Significant efforts are dedicated to identifying causal links between genetic and trait variation for crop improvement. Missing from these efforts is the pursuit of epigenetic variation, whereby stably inherited traits arise in the absence of genetic changes. It was recently discovered that clonal propagation of plants can induce epigenetic variation that is stably inherited in clonally regenerated plants. The goal of this project is to use this newly developed approach that couples a variety of environmental stresses with traditional plant clonal propagation techniques to produce maize plants with enhanced stress resistance. This project is a joint collaboration between the Schmitz Laboratory at the University of Georgia and the Gutierrez-Marcos Laboratory at the University of Warwick in the United Kingdom and is supported as part of the Breakthrough Technologies competition, which is jointly funded by the National Science Foundation and the Biotechnology and Biological Sciences Research Council. The ability to uncover stress-responsive variation using this novel, clonal plant propagation strategy could lead to a rapid improvement of stress resilient maize varieties. In addition to the agricultural impact, this project will fund graduate student training in experimental and computational biology. The graduate students will participate in mentoring high-school summer intern students from the Young Dawgs program sponsored by the University of Georgia. These students will focus on biological computer programming. Additionally, hands-on workshops for experimental biology will be hosted at the University of Warwick through the Nuffield Foundation Research Program to inspire students and teachers to explore the area of plant biotechnology.

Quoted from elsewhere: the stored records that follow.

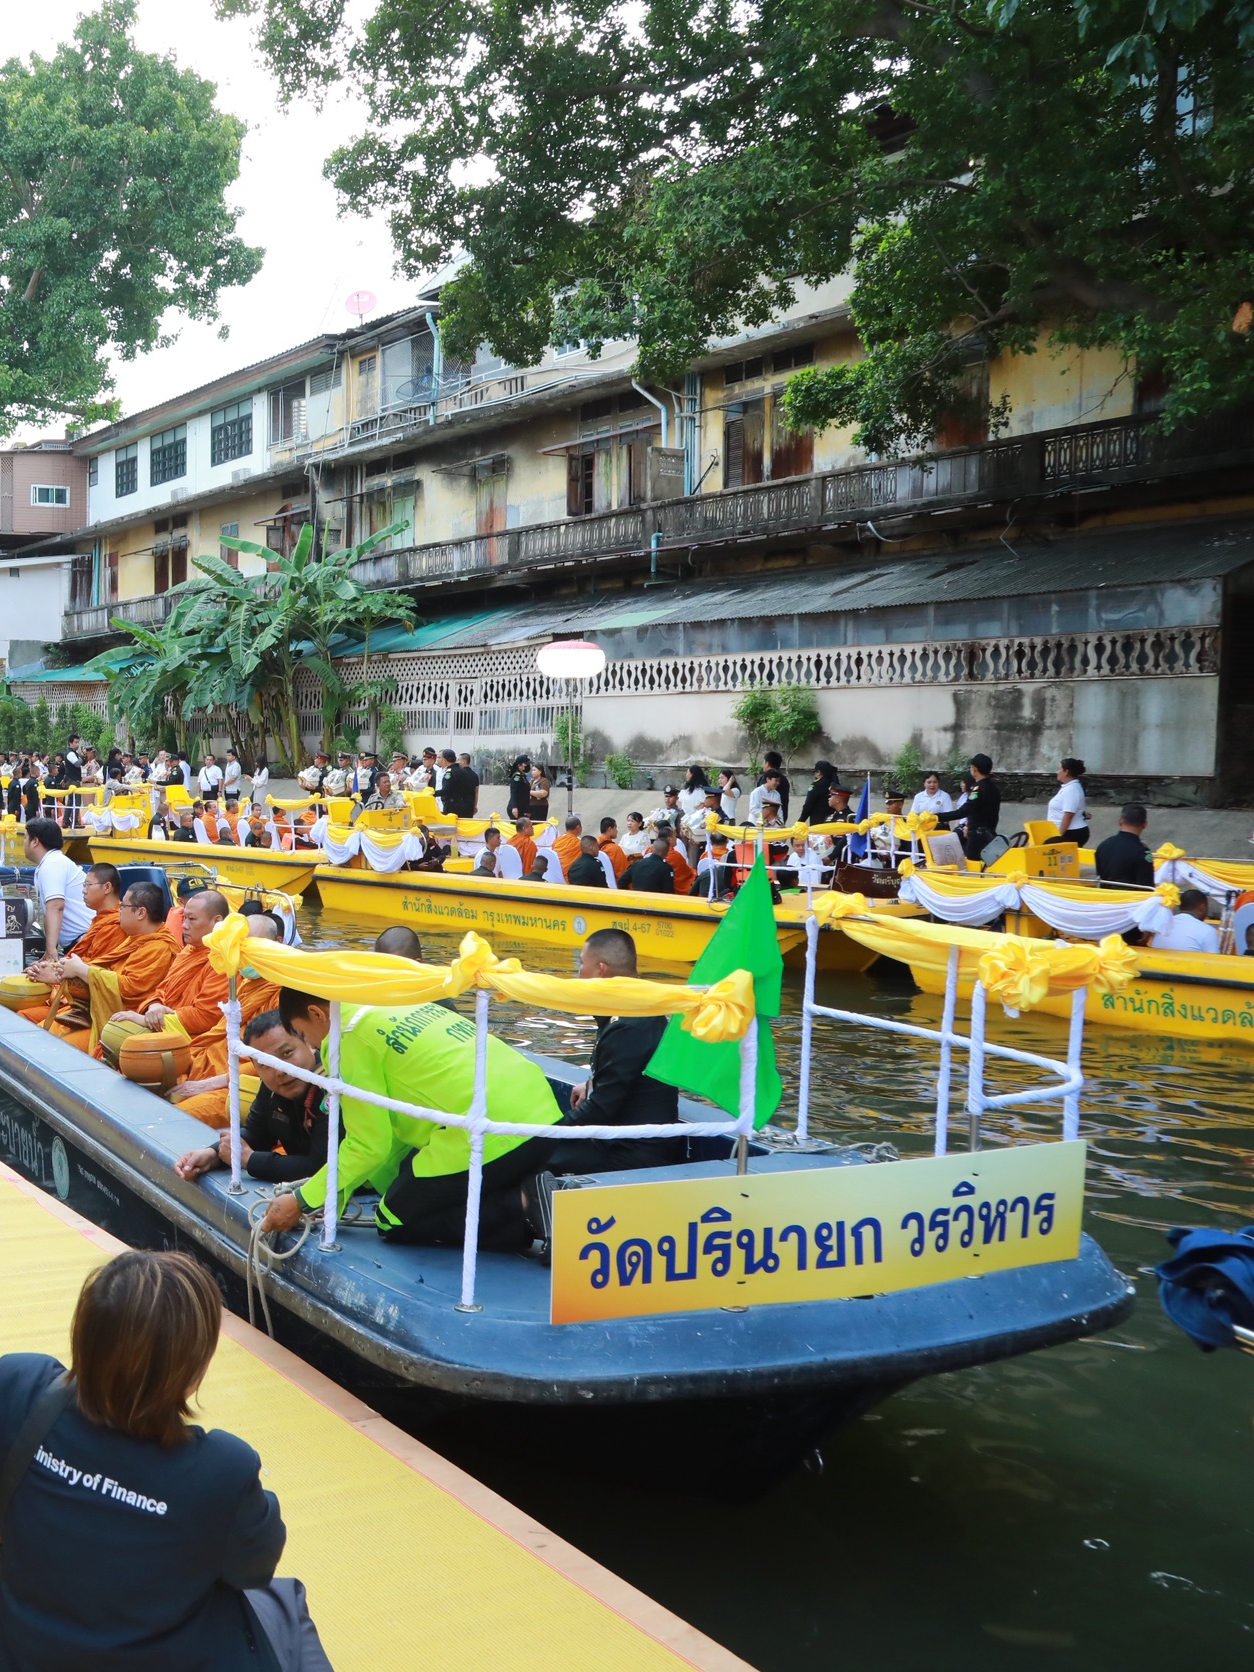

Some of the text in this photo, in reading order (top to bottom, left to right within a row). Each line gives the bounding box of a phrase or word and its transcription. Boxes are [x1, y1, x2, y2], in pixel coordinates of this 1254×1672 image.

[402, 895, 567, 932] สำนักสิ่งแวดล้อม กรุงเทพมหานคร
[578, 1180, 1057, 1290] วัดปรินายก วรวิหาร
[33, 1444, 168, 1515] inistry of Finance
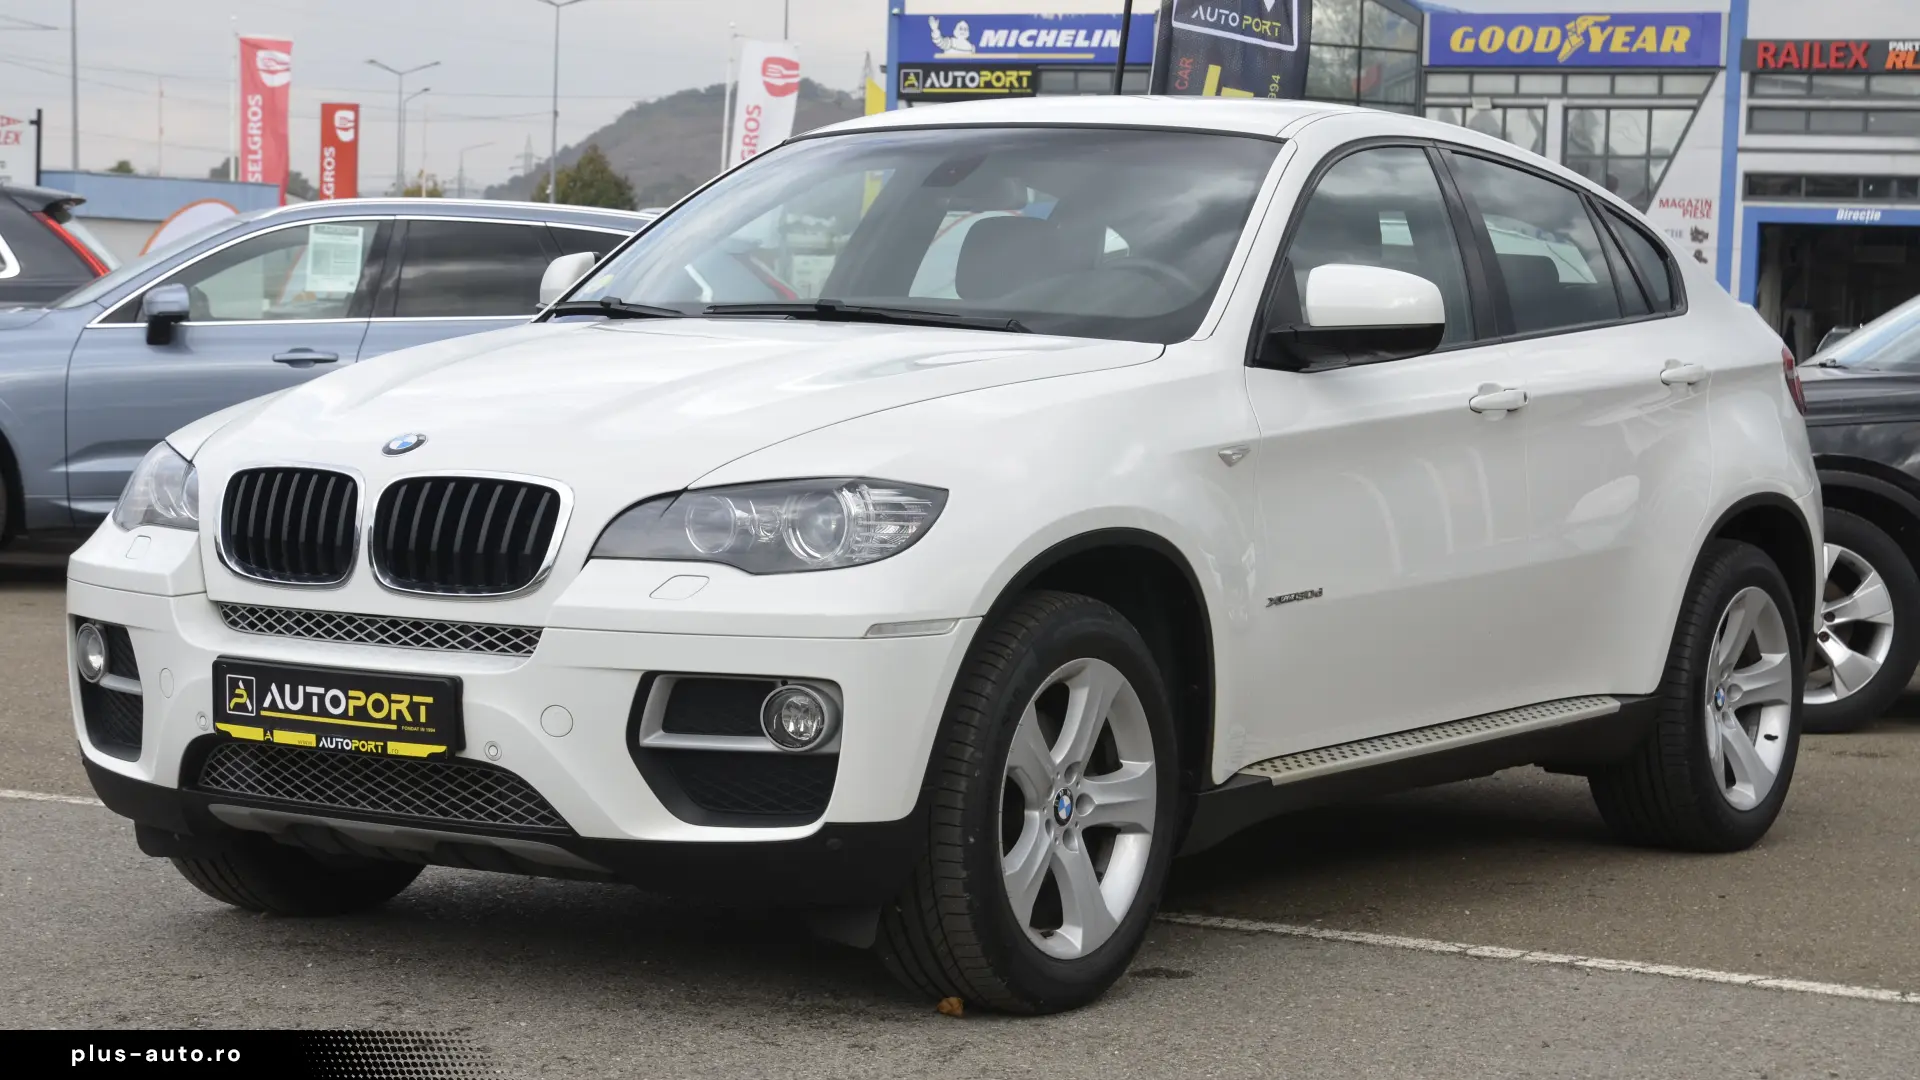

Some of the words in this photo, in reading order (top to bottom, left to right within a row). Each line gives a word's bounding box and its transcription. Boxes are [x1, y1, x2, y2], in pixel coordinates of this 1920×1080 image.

[979, 29, 1121, 48] MICHELIN
[1756, 41, 1870, 69] RAILEX
[925, 71, 1032, 88] AUTOPORT
[1175, 57, 1194, 90] CAR
[247, 94, 263, 183] SELGROS
[1659, 198, 1712, 209] MAGAZIN
[1682, 206, 1712, 219] PIESE
[262, 682, 434, 723] AUTOPORT
[319, 736, 384, 753] AUTOPORT
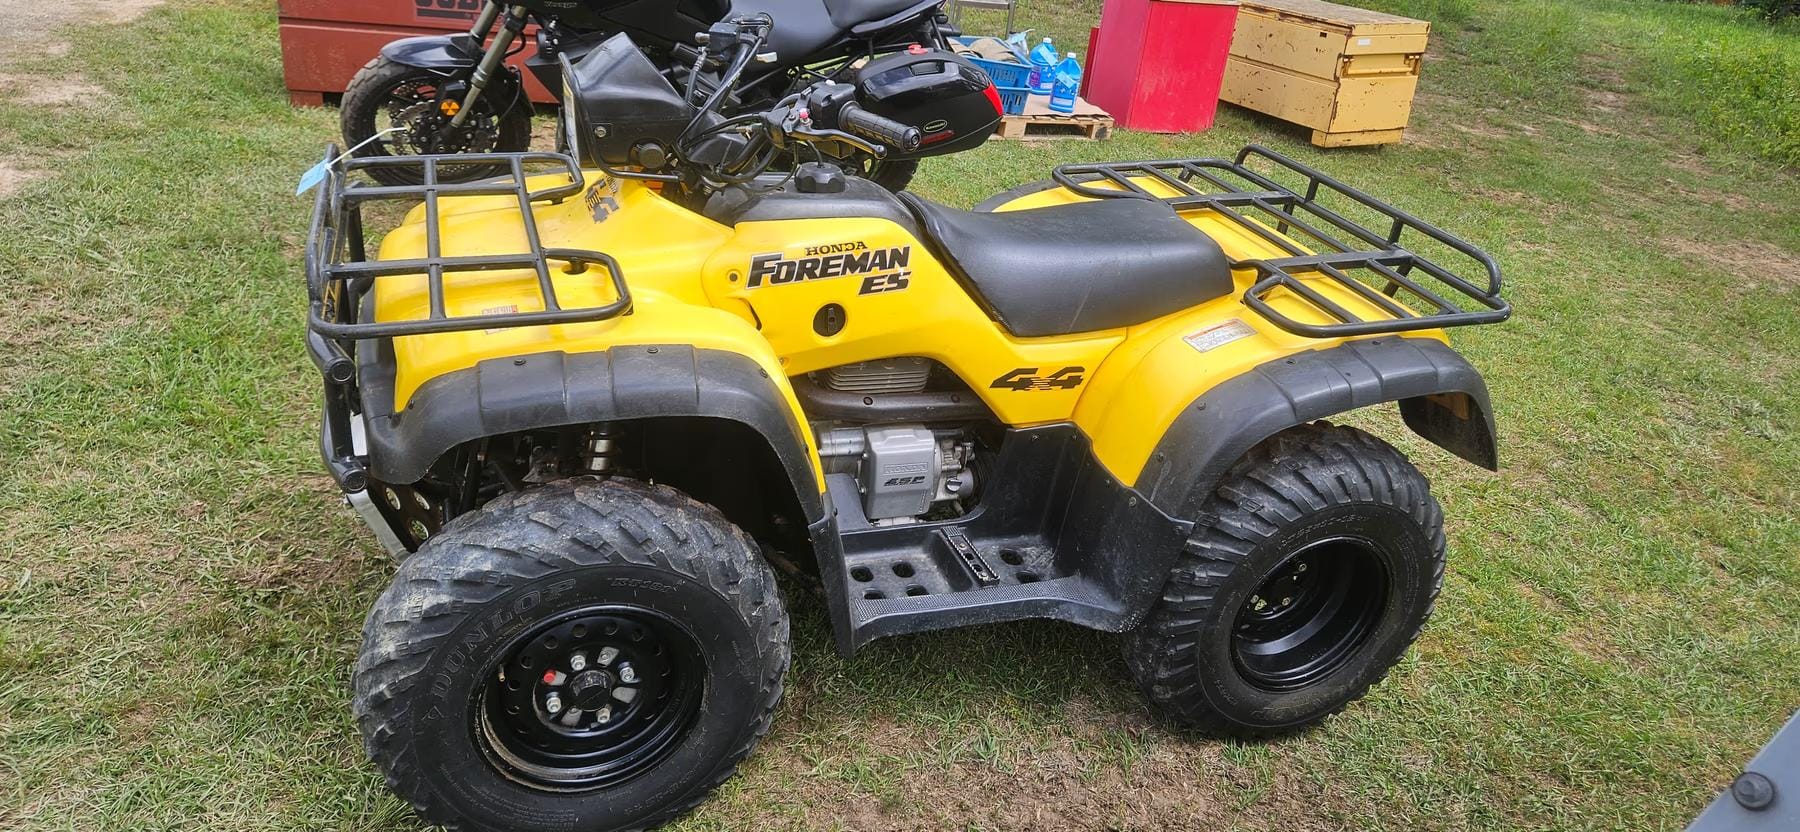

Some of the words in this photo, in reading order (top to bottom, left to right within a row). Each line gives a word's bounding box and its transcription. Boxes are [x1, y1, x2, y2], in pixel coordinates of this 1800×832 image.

[805, 241, 868, 256] HONDA
[747, 246, 911, 289] FOREMAN
[858, 271, 912, 296] ES
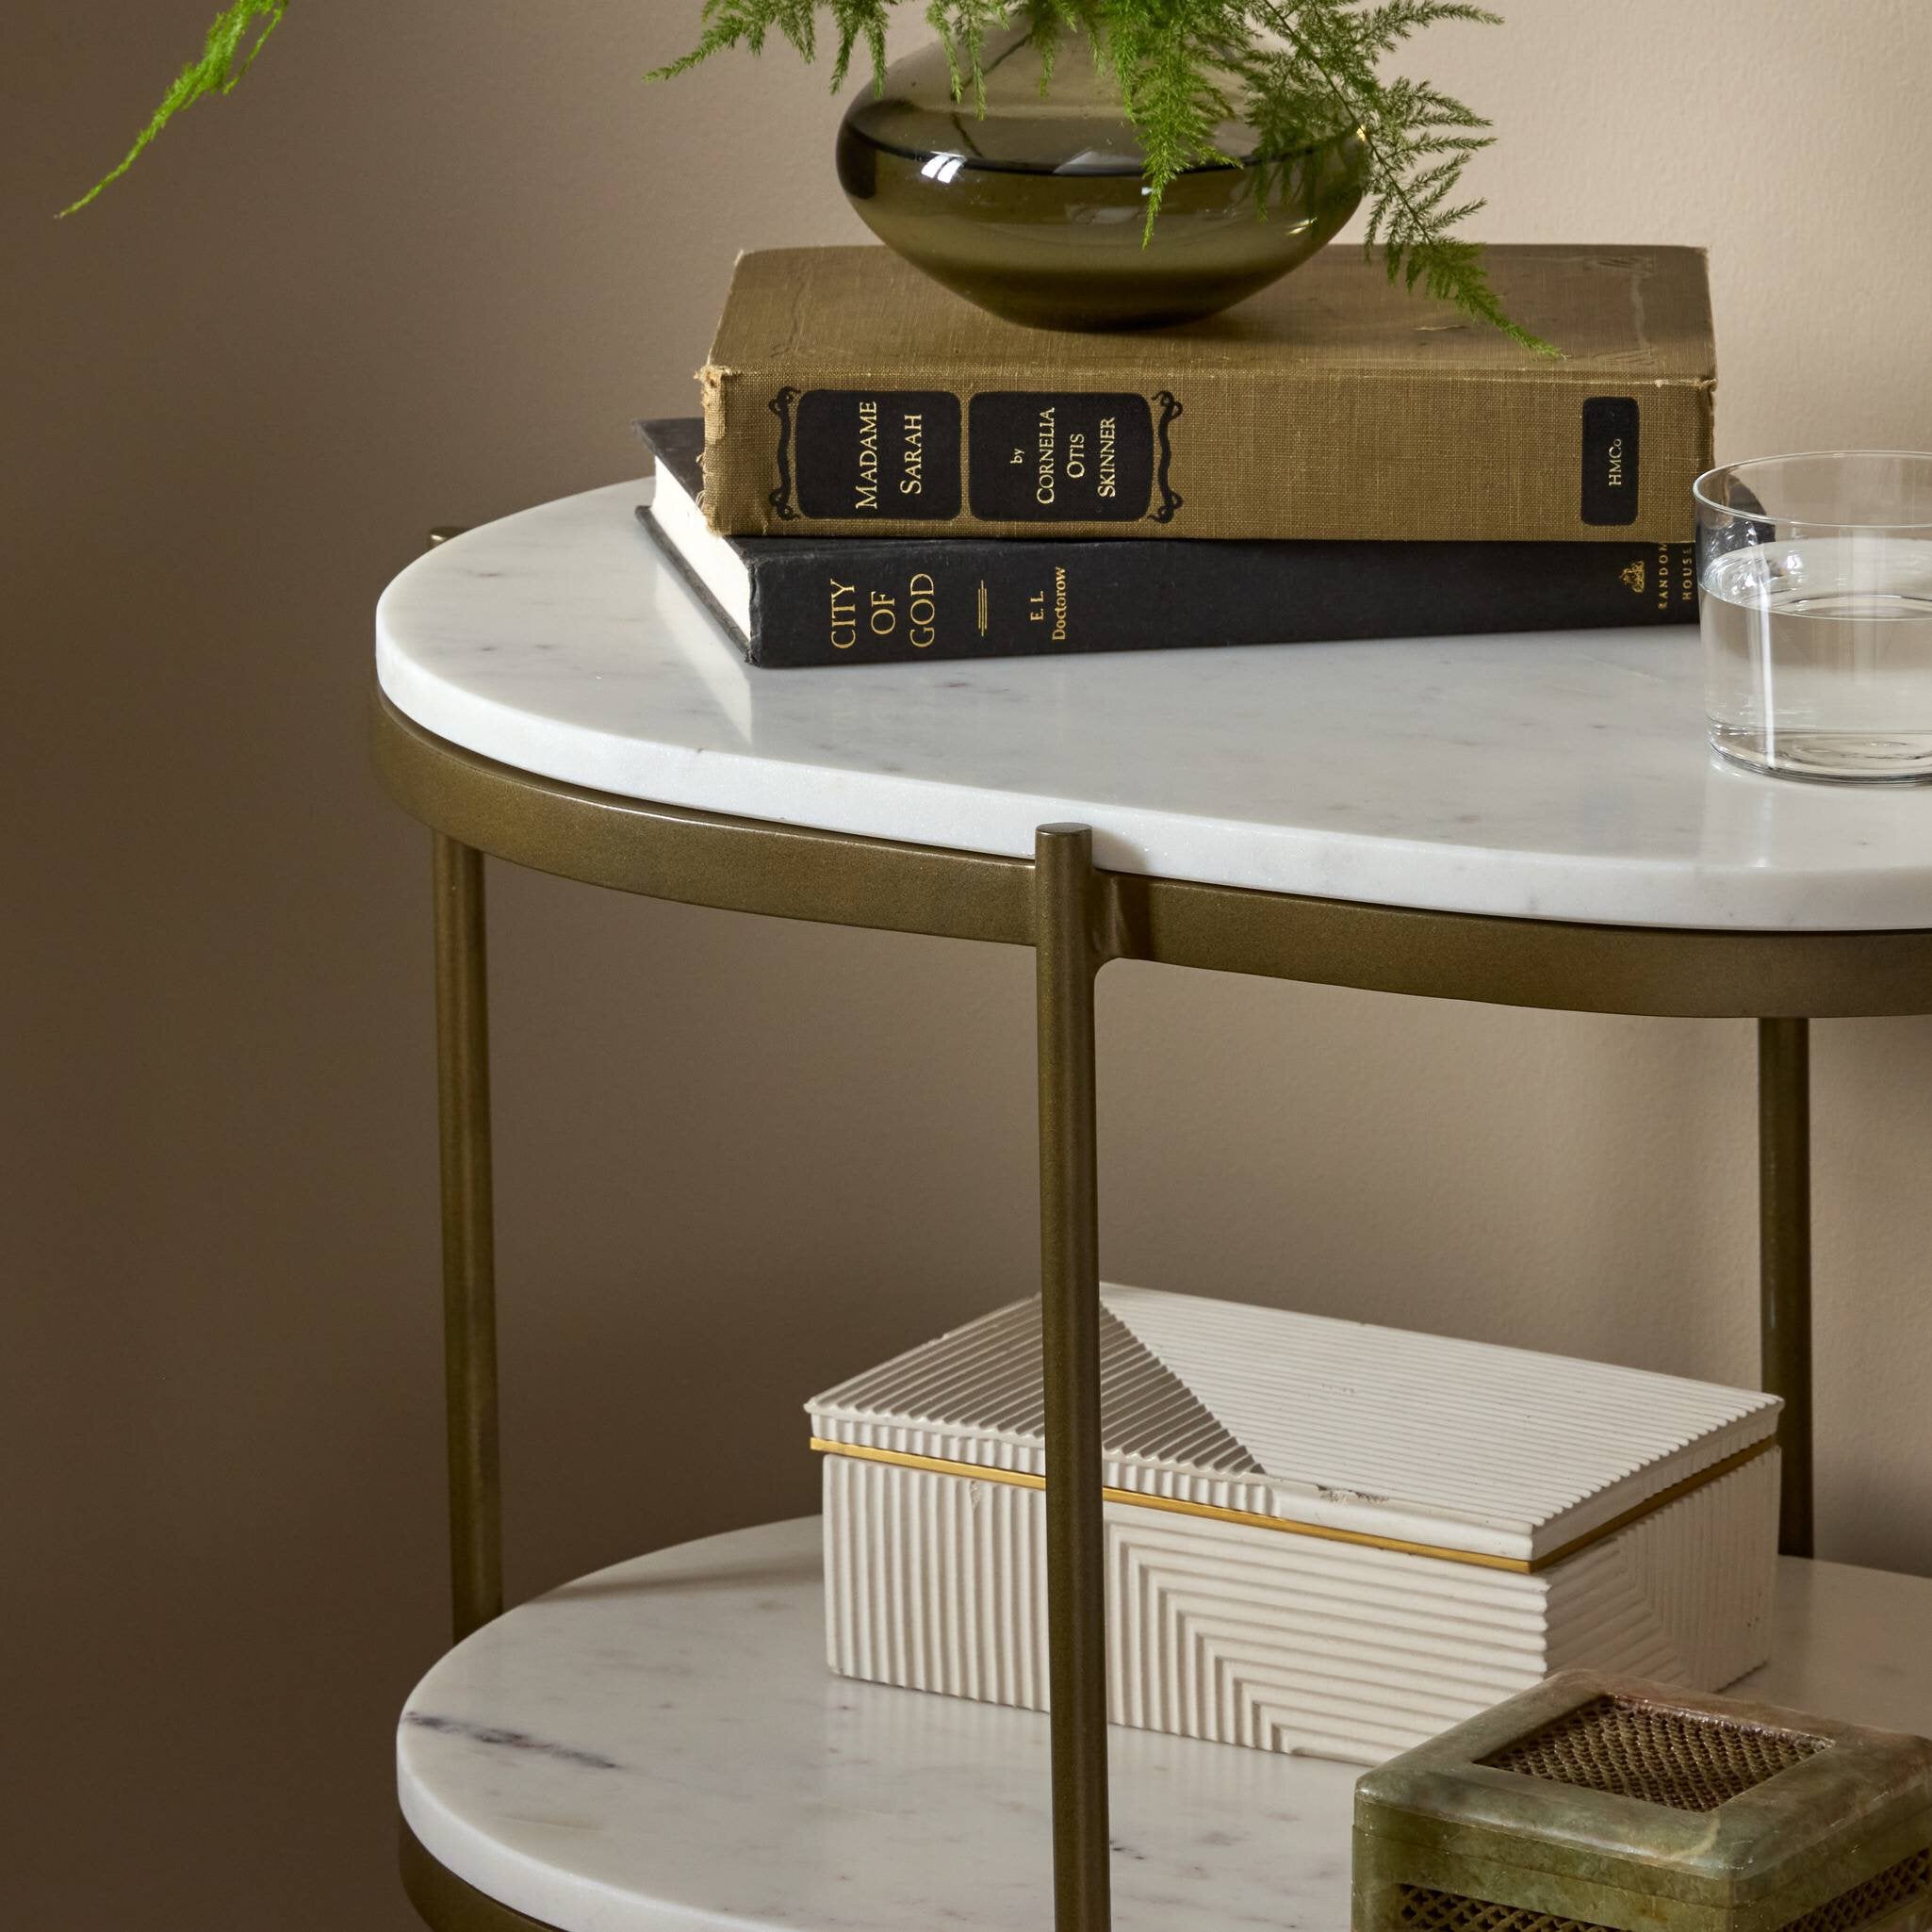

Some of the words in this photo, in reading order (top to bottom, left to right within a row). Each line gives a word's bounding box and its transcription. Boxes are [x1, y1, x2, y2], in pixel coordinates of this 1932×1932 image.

[856, 401, 877, 509] MADAME
[900, 415, 922, 494] SARAH
[1010, 449, 1024, 464] by
[1037, 407, 1055, 504] CORNELIA
[1067, 434, 1085, 478] OTIS
[1098, 418, 1116, 498] SKINNER
[830, 578, 856, 648] CITY
[871, 591, 895, 634] OF
[909, 574, 935, 647] GOD
[1030, 590, 1043, 603] L.
[1030, 607, 1043, 621] E.
[1052, 566, 1067, 640] Doctorow

This project aims to create Zea mays plants with enhanced responses to abiotic and biotic stresses. To accomplish this goal, a novel method to clonally regenerate maize plants in concert with different stress conditions to induce novel yet heritable epigenetic variation will be used. Transcriptome analyses will be performed to assess the functional significance of the stress-induced epigenetic variation a transcriptome analysis on regenerated plants. For the induced epigenetic variation to be relevant it must be stable over generations. Therefore, the stability of induced epigenetic variation by studying the DNA methylome and transcriptome of progeny plants derived from clonal regenerants will be assessed. In parallel, phenotypic characterization of the regenerant plants and their progeny in comparison to controls will be carried out to determine if enhanced responses to stress exist. These results will potentially lead to novel methodologies for inducing novel yet stable epigenetic variation, thus enabling innovative avenues for trait improvement in maize and possibly other crop species.
This award reflects NSF's statutory mission and has been deemed worthy of support through evaluation using the Foundation's intellectual merit and broader impacts review criteria.